Possessing Legally-Purchased Guns in New Jersey Cost Brian Aitken Everything
On October 14, Breitbart News reported on the story of media consultant Brian Aitken, who was arrested, tried, and imprisoned for having locked, unloaded, and legally-purchased handguns in the trunk of his car while moving to a new residence in New Jersey so he could be close to his son.
Later on the 14th, Aitken spoke with Breitbart News about his ordeal, explaining how the 2009 arrest came about and how it took the most precious person in his life from him: his son.
When we asked Aitken to explain how the arrest itself came about. "Back in 2009 I had just moved from Colorado to New Jersey to be closer to my son during a divorce: I had been living at my parents house for a few days and was planning to move to Hoboken. I called the New Jersey State Police and asked them how to transport my firearms and I did exactly what they told me to do."
"While I was driving to Hoboken I received a call from the Mount Laurel Police Department. They told me my mom had placed an 'abandoned 911 call' and they were worried I was the victim of domestic violence," he continued. "They wanted me to return home to 'check me for bruises.' I told them I was never assaulted and that my mother was probably the most peaceful woman on the planet."
"Their entire approach struck me as disingenuous and odd," Aitken recalled. "He then said he wanted to make sure I wasn't suicidal. I told him I wasn't. I asked if I was legally obligated to return and the officer said no. We hung up and I kept driving north."
"A minute later the officer called back and told me he had issued a state wide General Alert and that all police were on the lookout for me," Aitken said. "Even though I wasn't a suspect in a crime he told me I would be taken in and my car impounded if I didn't return immediately. Under threat of arrest, I returned."
"Things didn't get much better when I got back," Aitken explained. "My car was packed from floor to ceiling and they wanted to search it, again without probable cause. When I pushed back on them about requiring a warrant they threatened me with being sent to a psychiatric hospital for 72 hours if I didn't consent to the search."
"They told me that they could force the hospital to take me and as part of the process would impound my car and take an inventory of my cars possessions--effectively searching my car without having to go through a judge for a warrant. I wanted to do the right thing. I didn't want to create any unnecessary hardship for myself or my family." Aitken stressed: "I consented under duress. I regret that decision every day."

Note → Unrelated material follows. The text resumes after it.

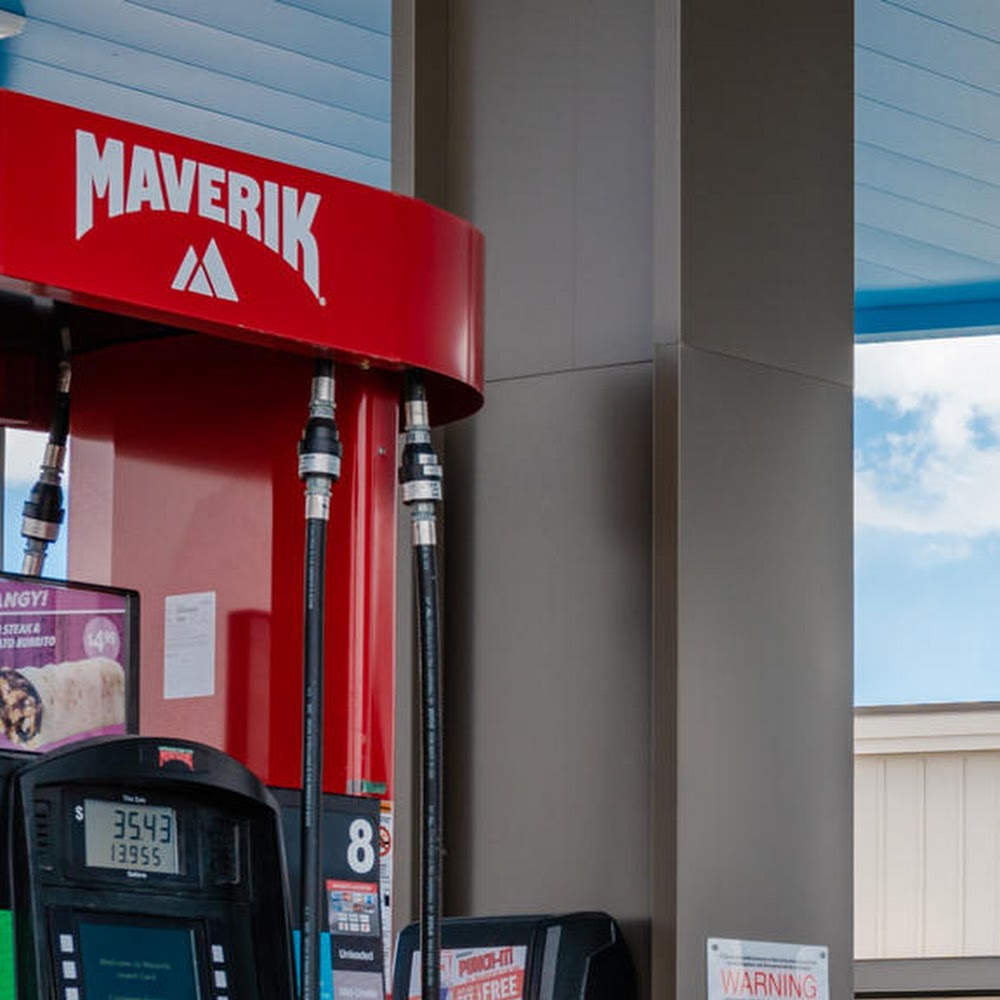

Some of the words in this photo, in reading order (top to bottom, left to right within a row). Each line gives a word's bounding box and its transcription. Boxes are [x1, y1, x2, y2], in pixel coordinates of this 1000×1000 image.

Aitken explained how the ordeal lead to him being barred from seeing his son: "A year before I was arrested Governor Jon Corzine (D) amended the Graves Act and changed possession of a firearm from a Fourth Degree Felony to a Second Degree Felony. In the eyes of the law, possessing a firearm was the same as using a firearm in the commission of a violent crime--even if that firearm was legally owned."
"After I was indicted of a victimless and violentless charge, with no prior criminal record, a family judge interpreted the charge to mean that I was a violent criminal with access to firearms and that fathers who own guns pose a threat to their children," he stated. "He imposed restrictions on my custody that in four years I have been unable to meet."
The saga continues for Aitken. Although Governor Chris Christie (R) commuted Aitken's sentence after he had served four months of a seven year sentence, he is still labeled a felon and therefore cannot own a gun, cannot vote, and cannot travel internationally (his passport was revoked for a felony conviction). More importantly, he is still unable to see his son--the very person he was moving to New Jersey to see.